Joachim Ennen hat es sich zur Aufgabe gemacht, zu „schauen, wo es gute Initiativen gibt“, so zum Beispiel auf Unternehmen mit sinnvollen neuen Verpackungskonzepten wie das einer kleinen Laboer Kaffeerösterei. Als weiteres Beispiel nennt er ein Mehrwegsystem für Weinflaschen, die somit nicht im Container landen. „Wir greifen die Initiativen solcher Unternehmen auf, um sie durch Publikation zu stärken“, sagt er. Der Hebel muss allerdings noch tiefer angesetzt werden, macht er deutlich: „Wir müssen in die Richtung kommen, dass das Mehrwegsystem überwacht wird“, sagt Wolfgang-Dieter Glanz. Denn kaum bekannt scheint zu sein: „Das Mehrwegsystem ist eigentlich verpflichtend!“ Und obwohl die Ordnungsämter der Gemeinden dafür zuständig sind, dümpelt dieses so wichtige Thema Müllvermeidung und (damit zusammenhängend) Ressourcenschonung nur noch träge vor sich hin, ohne das ihm Taten folgten, unterstreicht er. „Das wird nämlich de facto gar nicht überwacht!“
Folglich sei ein Ziel ihrer Kooperation, Firmen über ihre Verpflichtung, Mehrwegsysteme vorzuhalten, anzusprechen. Ebenso müsse die Information durchdringen, dass jeder Kunde Mehrweg-Produkte nachfragen könne. „Nur so kommt es unter die Leute“, sagt Jutta Briel.
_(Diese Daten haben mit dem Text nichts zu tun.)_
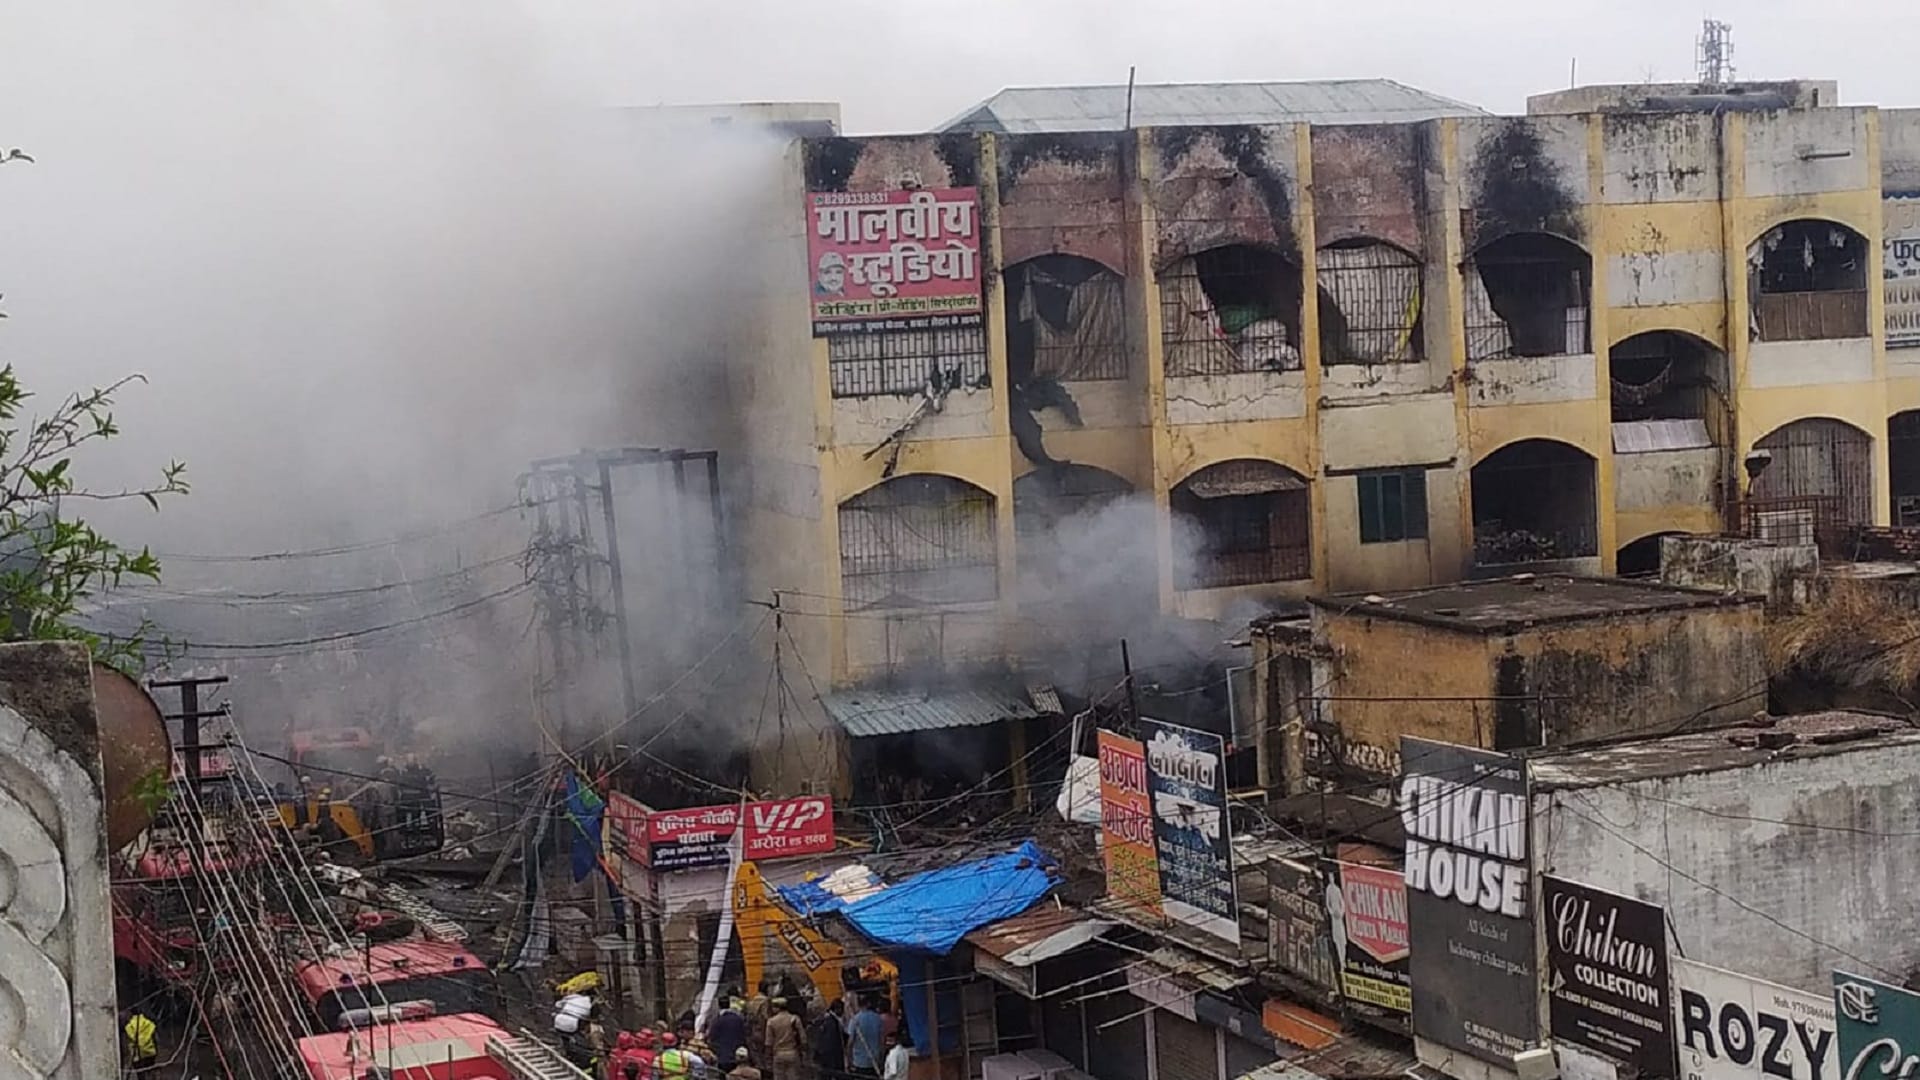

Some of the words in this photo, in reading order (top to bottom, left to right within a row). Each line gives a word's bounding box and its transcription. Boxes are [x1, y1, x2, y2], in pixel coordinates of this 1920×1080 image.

[815, 191, 975, 242] मालवीय
[847, 239, 977, 297] स्टूडियो
[656, 815, 696, 835] पुलिस
[752, 800, 825, 834] VIP
[1400, 774, 1526, 861] CHIKAN
[1346, 881, 1408, 925] CHIKAN
[1404, 838, 1528, 919] HOUSE
[783, 930, 821, 969] JCB
[1552, 892, 1657, 979] Chikan
[1574, 963, 1660, 1007] COLLECTION
[1680, 987, 1836, 1080] ROZY
„Wir haben in Preetz einen Supermarkt, der an der Frischtheke ein Mehrwegsystem hatte“, erzählt Wolfgang-Dieter Glanz, „das wurde aber nicht nachgefragt – und deshalb eingestellt.“ Seitdem wächst der Plastikberg an Einwegschälchen und -tütchen hier wieder munter weiter. Erkennbar wird auch, dass mehr Wissen auf den unterschiedlichsten Ebenen gefragt ist. Der Verein Theos Wiese, der schon lange auf dem Schulgelände der Theodor-Heuss-Gemeinschaftsschule etabliert und zudem bei PANK dabei ist, zeigt dies engagiert in gärtnerischen, kulinarischen, kalkulatorischen und naturkundlichen Schülerprojekten. „Ich glaube, der schulische Bereich bietet viel Potenzial an die Jugendlichen heranzukommen“, sagt Wolfgang-Dieter Glanz. Nur bei den Wissen vermittelnden Instanzen sehe er zum Teil große Defizite. Beispiel Entenrennen. Nach wie vor seien die gelben Plastikenten für solche Spaßereignisse im Einsatz. Leuchtend gelb und präsent tragen sie jedoch das denkbar schlechteste Zeichen nach außen. Ähnlich negativ: Die Bilanz für Luftballons. Zu ihren CO2 erzeugenden Herstellungsprozessen (samt Transport) muss die spätere Belastung durch Mikroplastik ebenso wie die tödliche Gefahr der Schnüre und Restteilchen für die Tierwelt hinzugerechnet werden. Daran ändern auch die angeblich harmlosen Bio Varianten einiger Luftballonhersteller nichts. Und so stehen einem Spaßmoment unfassbare CO2 Mengen und der Zerfall belastender Kleinstteilchen gegenüber, dazu unerfreuliche Stoffe, die im Körper aufgenommen werden. Die Bildungsarbeit, zum Beispiel auch in Kindergärten, sei deshalb als eine der bedeutenden Aufgaben in ihrer gemeinsamen Kooperation, hebt Wolfgang-Dieter Glanz hervor. Aus gutem Grund: Der Plastikatlas 2019 der Böll Stiftung warnte, vor allem Kinder seien zum Teil stark mit Weichmachern belastet. Sie sind mit Plastik häufig umgeben, zum Beispiel Spielzeug, und seien am Boden spielend mehr Schadstoffen ausgesetzt. Weichmacher entweichen in die Luft und zählten zu den hormonell wirksamen Substanzen. Aber insbesondere Kinder atmeten bezogen auf ihr Körpergewicht mehr Luft ein als Erwachsene. Zudem sei ihr Stoffwechsel höher. Erkrankungen stehen damit in Zusammenhang: Der Plastikatlas 2019 zählt Brustkrebs, Unfruchtbarkeit, verfrühte Pubertät, Fettleibigkeit, Allergien und Diabetes auf... Wie steht es um das Wissen darum?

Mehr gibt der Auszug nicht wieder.